## WORK REQUEST
Skip the pictures and give back the rest of the listing exactly.

==================================================

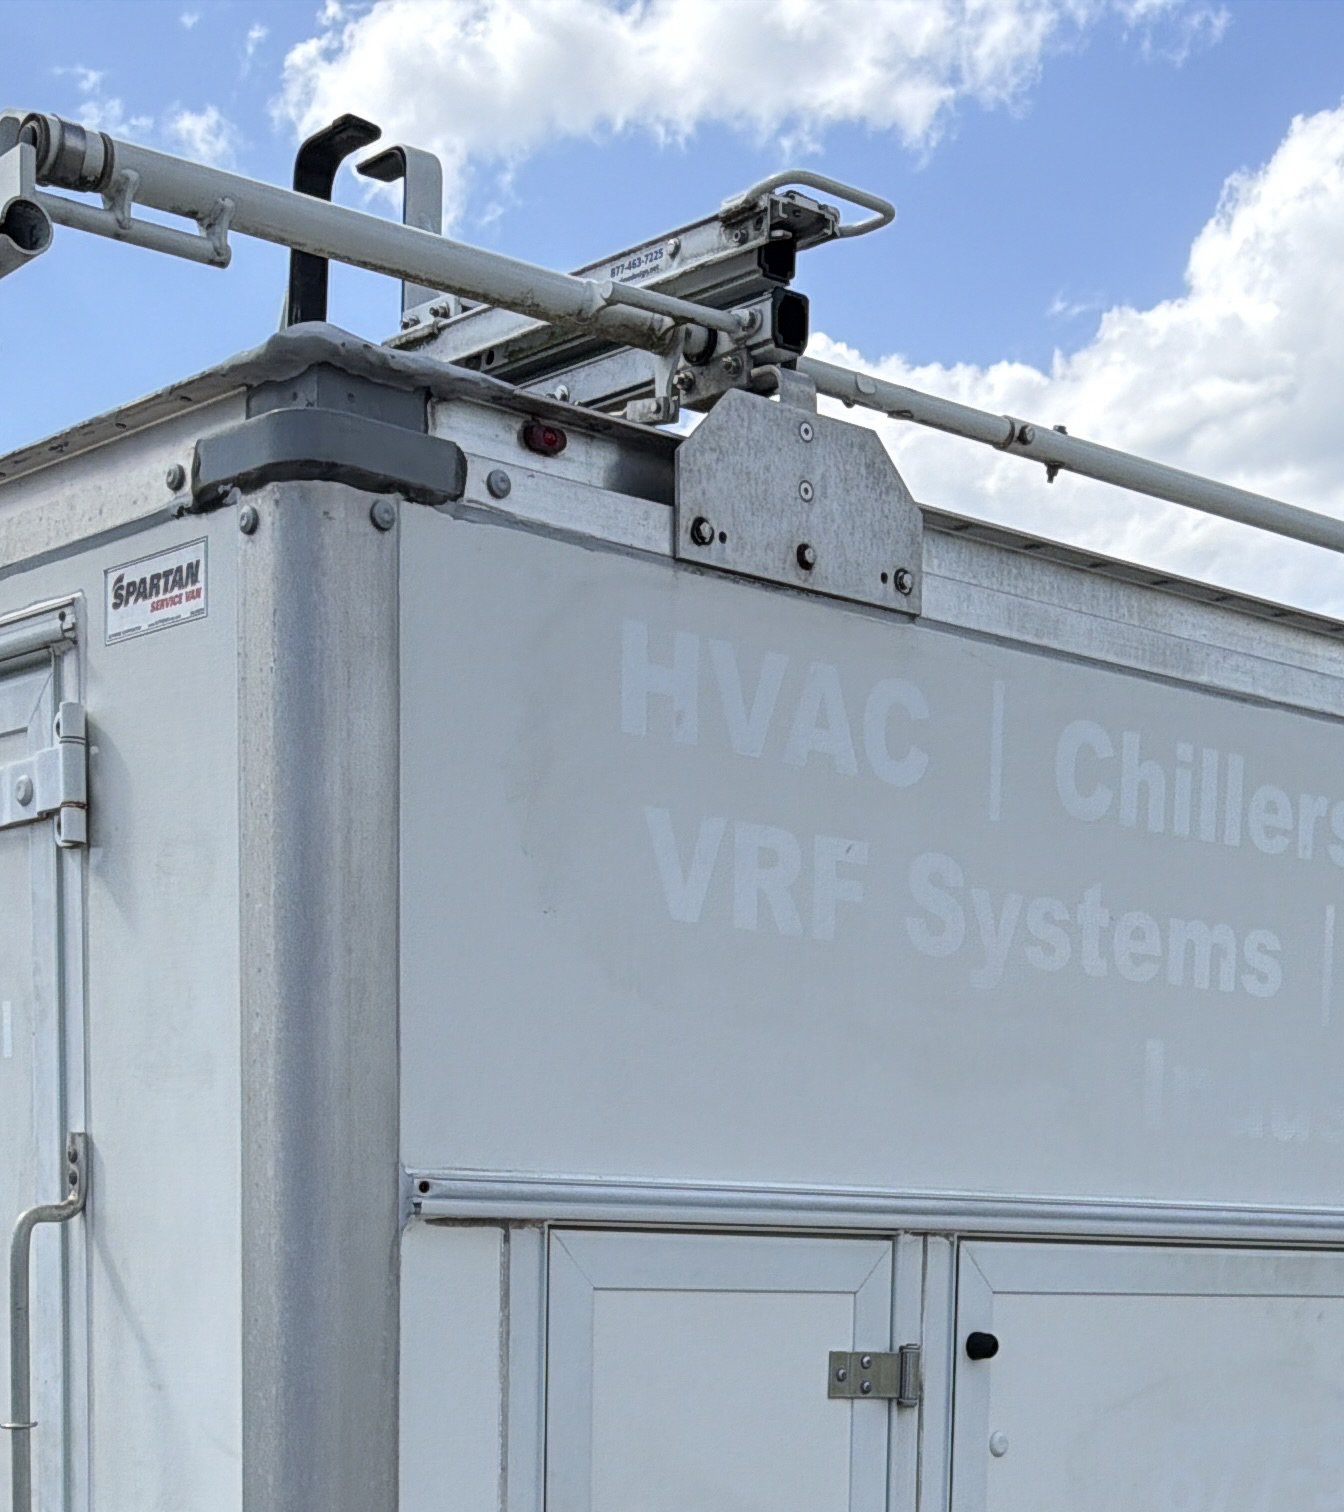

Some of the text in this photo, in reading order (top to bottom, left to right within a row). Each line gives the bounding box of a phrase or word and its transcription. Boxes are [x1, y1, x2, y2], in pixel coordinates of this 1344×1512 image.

[610, 248, 664, 278] 877-463-7225
[112, 559, 200, 610] SPARTAN
[150, 592, 183, 614] SERVICE
[185, 587, 202, 603] VAN
[620, 618, 930, 788] HVAC
[645, 805, 869, 941] VRF
[906, 852, 1283, 998] Systems

==================================================

## THE COMPLETED TASK
Some of the text in this photo, in reading order (top to bottom, left to right within a row). Each line gives the bounding box of a phrase or word and its transcription. Boxes are [x1, y1, x2, y2], in pixel coordinates of this 1344×1512 image.

[610, 248, 664, 278] 877-463-7225
[112, 559, 200, 610] SPARTAN
[150, 592, 183, 614] SERVICE
[185, 587, 202, 603] VAN
[620, 618, 930, 788] HVAC
[645, 805, 869, 941] VRF
[906, 852, 1283, 998] Systems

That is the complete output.